§ Task statement: Every line below must be reproduced exactly; no pictures are to be included.

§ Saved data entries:
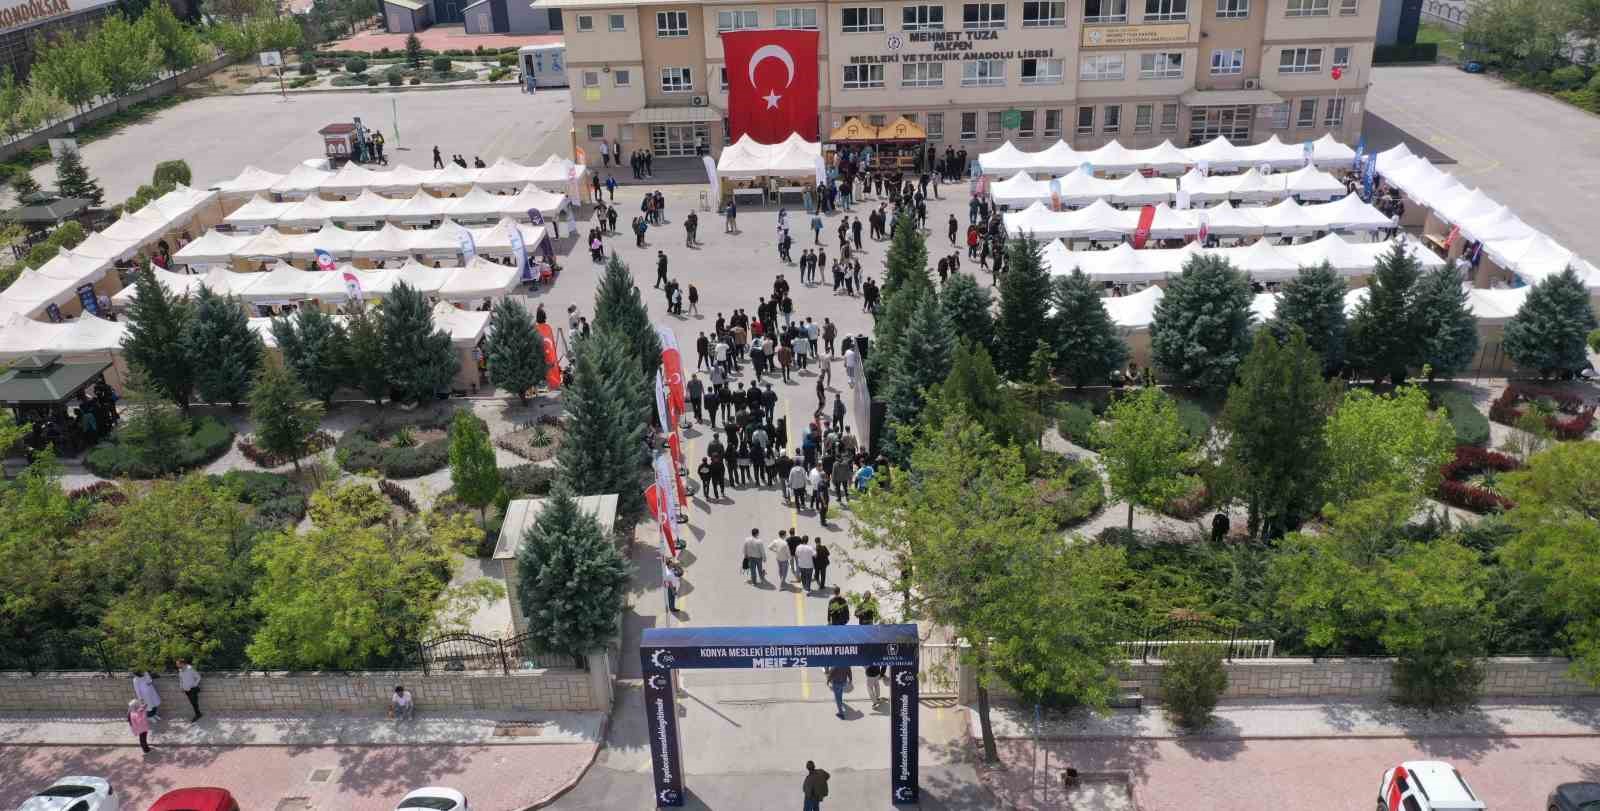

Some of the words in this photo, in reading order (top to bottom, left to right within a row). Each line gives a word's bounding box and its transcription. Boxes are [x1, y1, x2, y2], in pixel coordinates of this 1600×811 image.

[910, 32, 962, 42] MEHMET
[966, 31, 998, 40] TUZA
[934, 41, 973, 52] PAKPEN
[850, 54, 899, 64] MESLEKİ
[902, 54, 916, 62] VE
[918, 52, 960, 62] TEKNİK
[963, 51, 1014, 60] ANADOLU
[1017, 48, 1053, 59] LİSESİ
[700, 647, 727, 657] KONYA
[728, 646, 764, 657] MESLEKİ
[765, 645, 793, 657] EĞİTİM
[794, 644, 832, 657] İSTİHDAM
[834, 645, 858, 656] FUARI
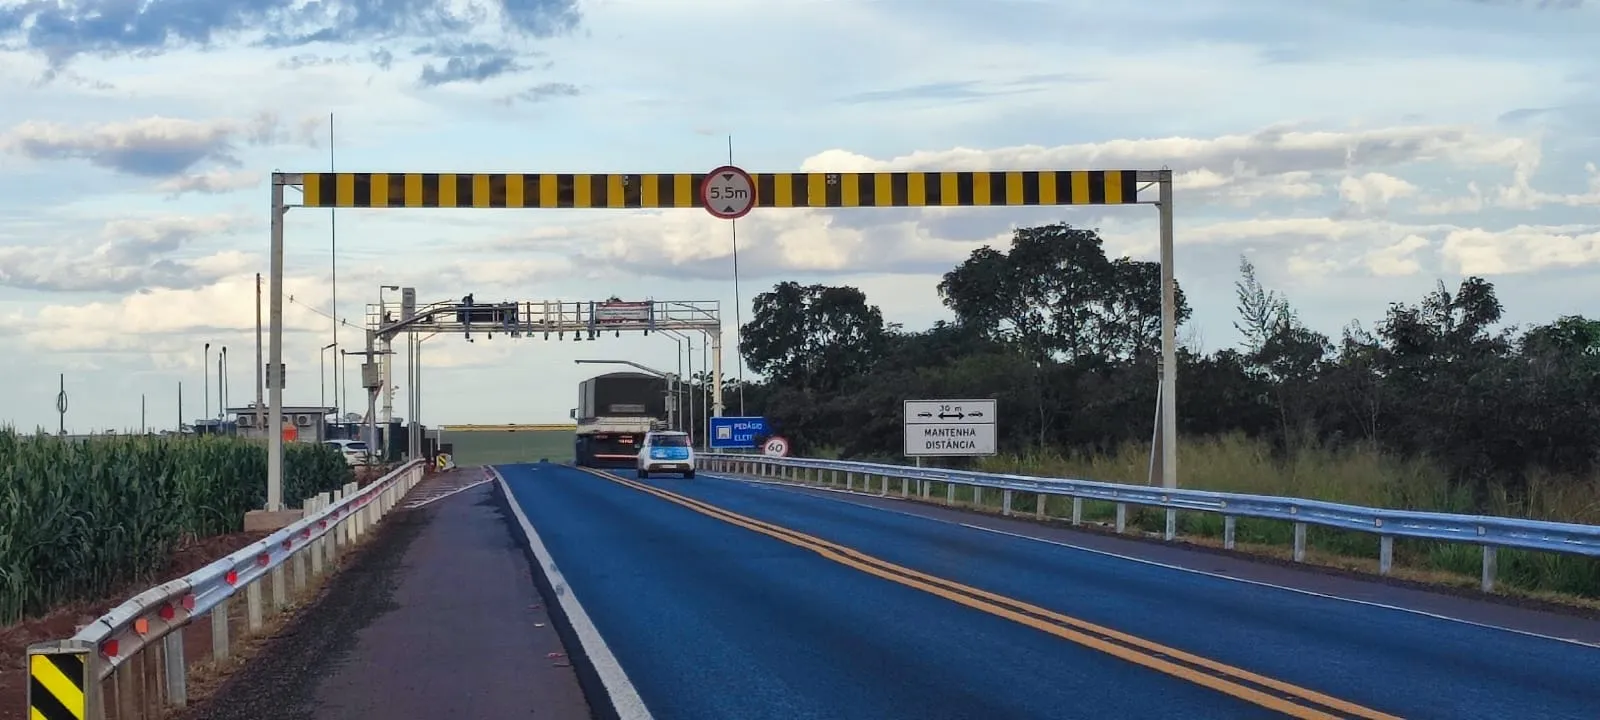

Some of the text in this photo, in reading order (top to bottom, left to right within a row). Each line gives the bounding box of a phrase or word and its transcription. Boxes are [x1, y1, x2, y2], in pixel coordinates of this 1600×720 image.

[710, 187, 748, 199] 5,5m
[734, 421, 762, 430] PEDÁGIO
[924, 428, 976, 437] MANTENHA
[768, 443, 783, 453] 60
[926, 438, 976, 449] DISTÂNCIA
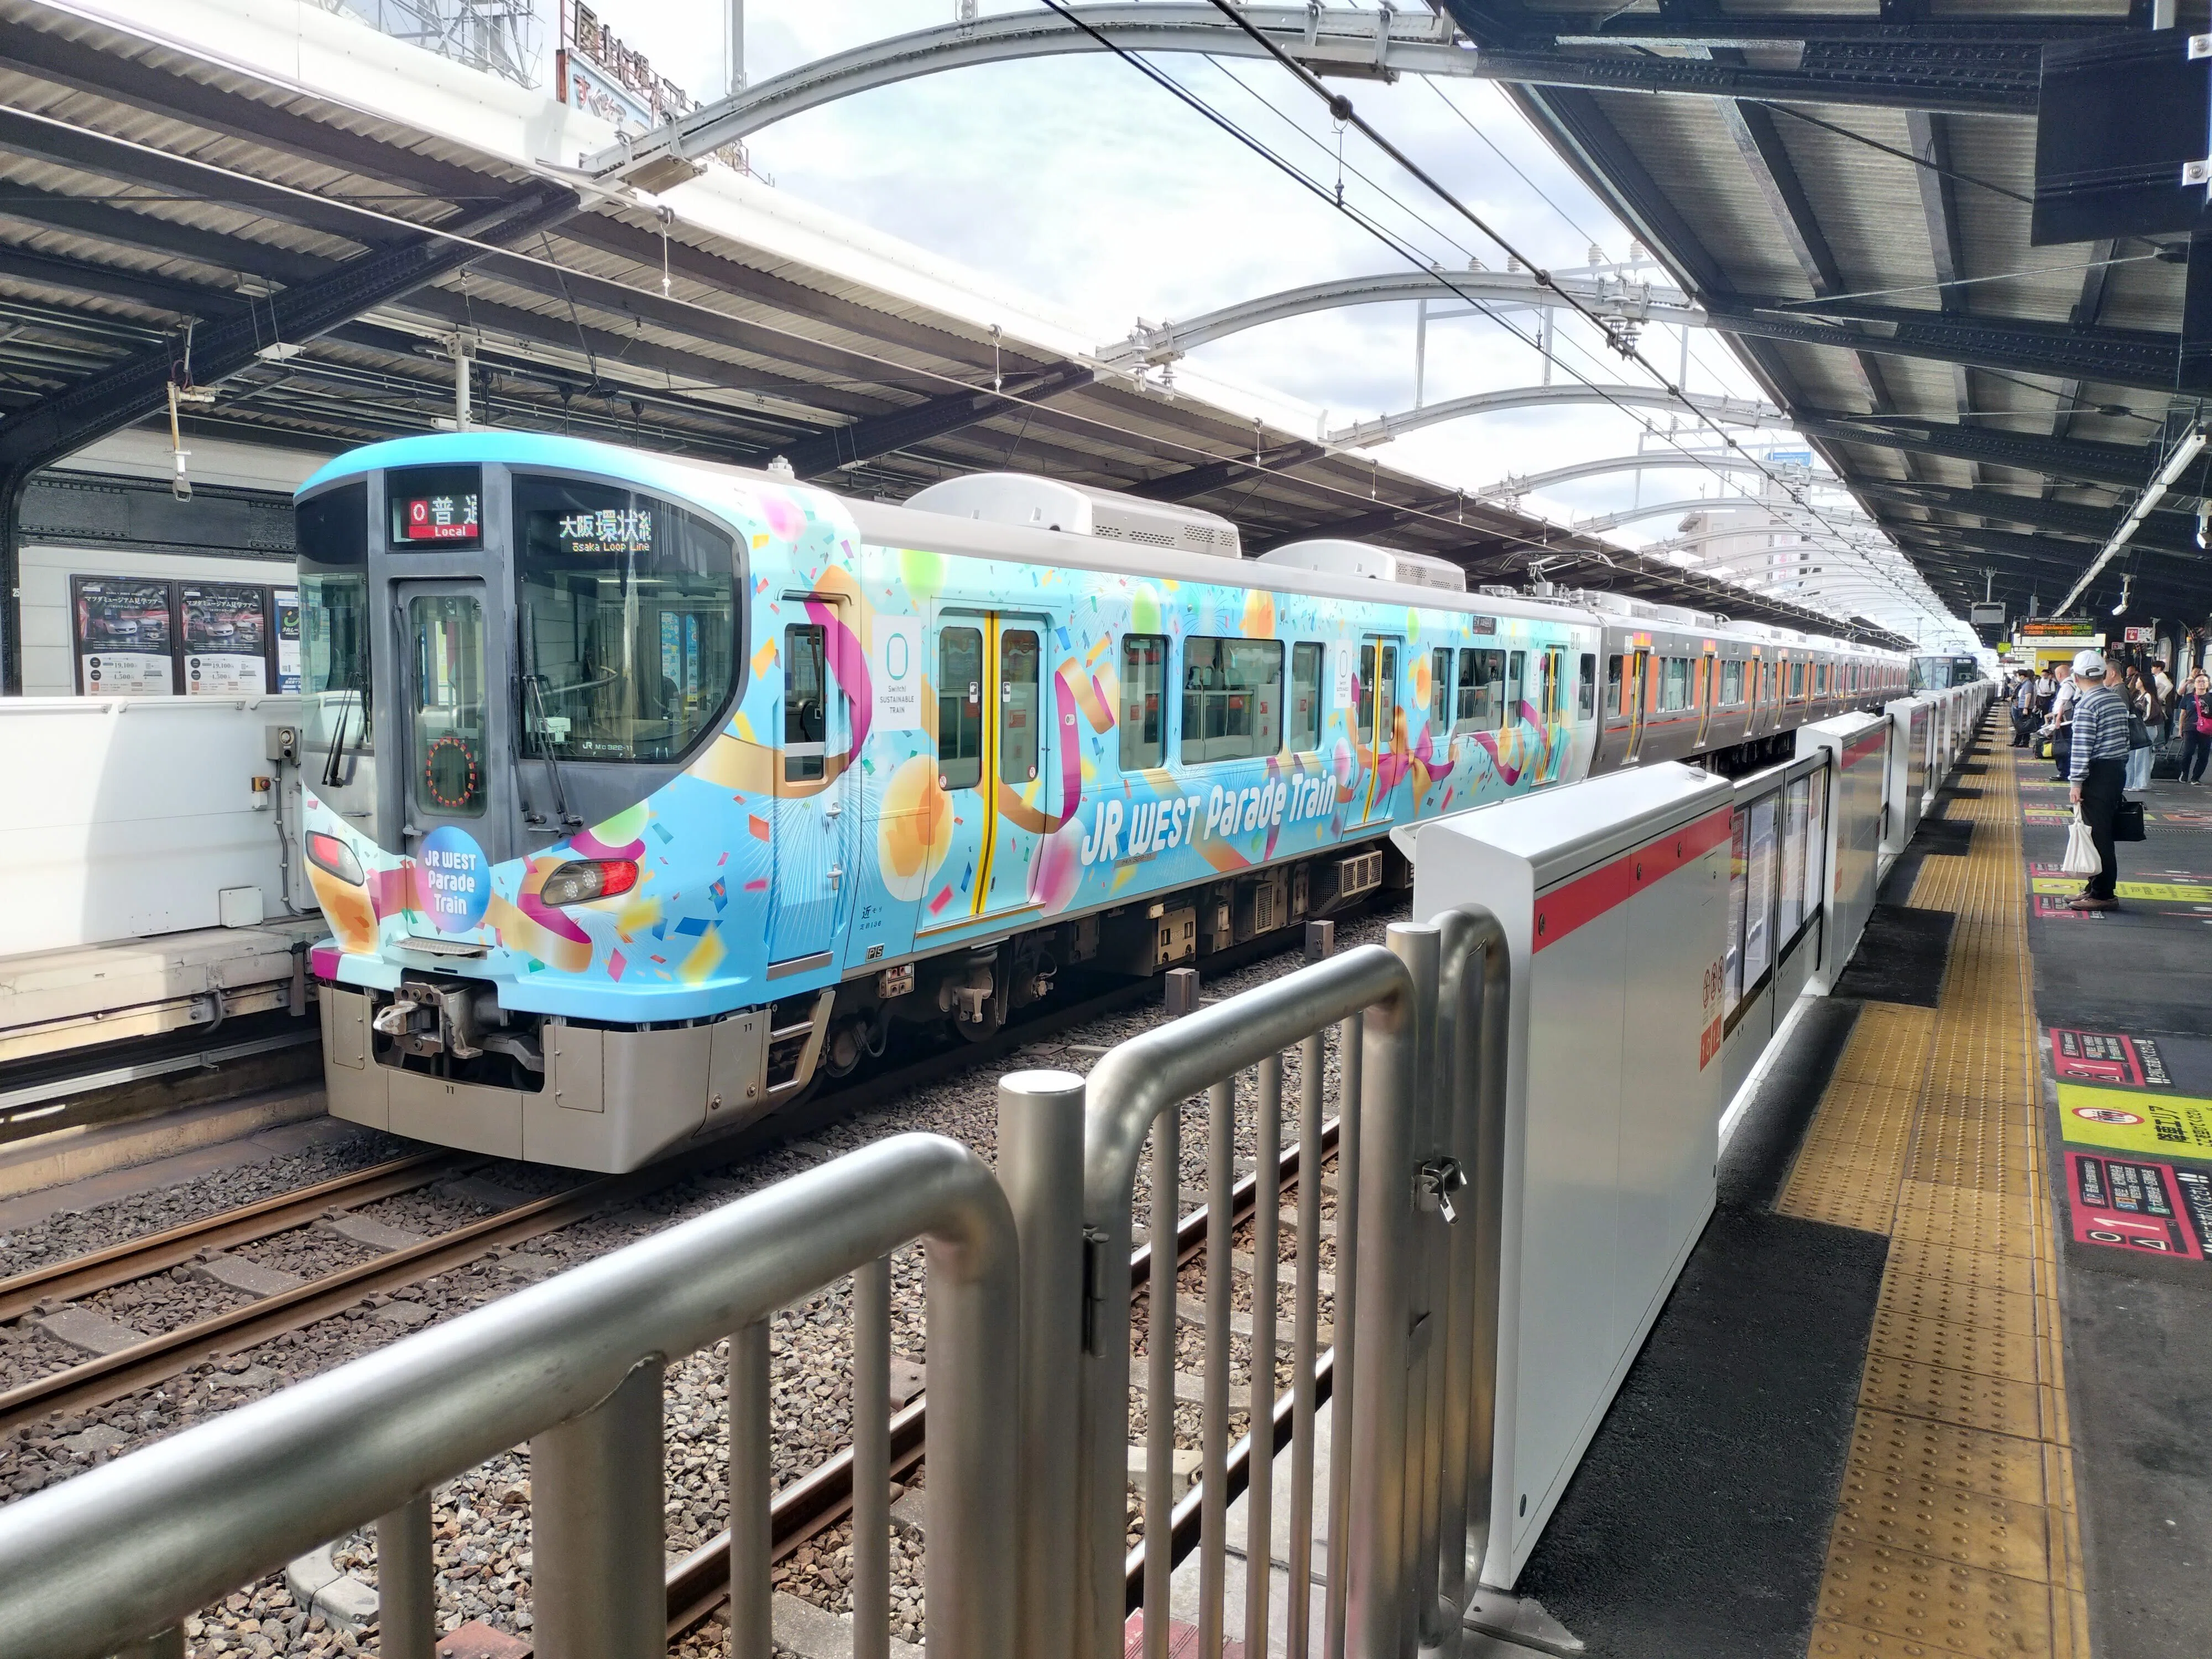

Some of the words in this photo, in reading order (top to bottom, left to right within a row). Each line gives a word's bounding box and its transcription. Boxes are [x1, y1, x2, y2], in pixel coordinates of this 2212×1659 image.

[435, 526, 466, 536] Local
[560, 509, 651, 542] 大阪環状線
[603, 542, 627, 552] Loop
[630, 542, 651, 551] Line
[879, 695, 915, 703] SUSTAINABLE
[582, 742, 593, 750] JR
[1081, 799, 1124, 866] JR
[1127, 795, 1201, 857] WEST
[1203, 776, 1287, 841] Parade
[1288, 769, 1337, 823] Train
[425, 849, 440, 867] JR
[442, 851, 476, 870] WEST
[428, 870, 476, 893] Parade
[434, 893, 467, 915] Train
[2069, 1062, 2117, 1071] 1
[2148, 1105, 2192, 1144] 降車エリア
[2093, 1217, 2161, 1232] 1

§ Answer to this problem:
Some of the words in this photo, in reading order (top to bottom, left to right within a row). Each line gives a word's bounding box and its transcription. Boxes are [x1, y1, x2, y2], in pixel coordinates of this 1600×811 image.

[910, 32, 962, 42] MEHMET
[966, 31, 998, 40] TUZA
[934, 41, 973, 52] PAKPEN
[850, 54, 899, 64] MESLEKİ
[902, 54, 916, 62] VE
[918, 52, 960, 62] TEKNİK
[963, 51, 1014, 60] ANADOLU
[1017, 48, 1053, 59] LİSESİ
[700, 647, 727, 657] KONYA
[728, 646, 764, 657] MESLEKİ
[765, 645, 793, 657] EĞİTİM
[794, 644, 832, 657] İSTİHDAM
[834, 645, 858, 656] FUARI

Some of the text in this photo, in reading order (top to bottom, left to right within a row). Each line gives the bounding box of a phrase or word and its transcription. Boxes are [x1, y1, x2, y2], in pixel coordinates of this 1600×720 image.

[710, 187, 748, 199] 5,5m
[734, 421, 762, 430] PEDÁGIO
[924, 428, 976, 437] MANTENHA
[768, 443, 783, 453] 60
[926, 438, 976, 449] DISTÂNCIA

Some of the words in this photo, in reading order (top to bottom, left to right within a row). Each line gives a word's bounding box and its transcription. Boxes are [x1, y1, x2, y2], in pixel coordinates of this 2212×1659 image.

[435, 526, 466, 536] Local
[560, 509, 651, 542] 大阪環状線
[603, 542, 627, 552] Loop
[630, 542, 651, 551] Line
[879, 695, 915, 703] SUSTAINABLE
[582, 742, 593, 750] JR
[1081, 799, 1124, 866] JR
[1127, 795, 1201, 857] WEST
[1203, 776, 1287, 841] Parade
[1288, 769, 1337, 823] Train
[425, 849, 440, 867] JR
[442, 851, 476, 870] WEST
[428, 870, 476, 893] Parade
[434, 893, 467, 915] Train
[2069, 1062, 2117, 1071] 1
[2148, 1105, 2192, 1144] 降車エリア
[2093, 1217, 2161, 1232] 1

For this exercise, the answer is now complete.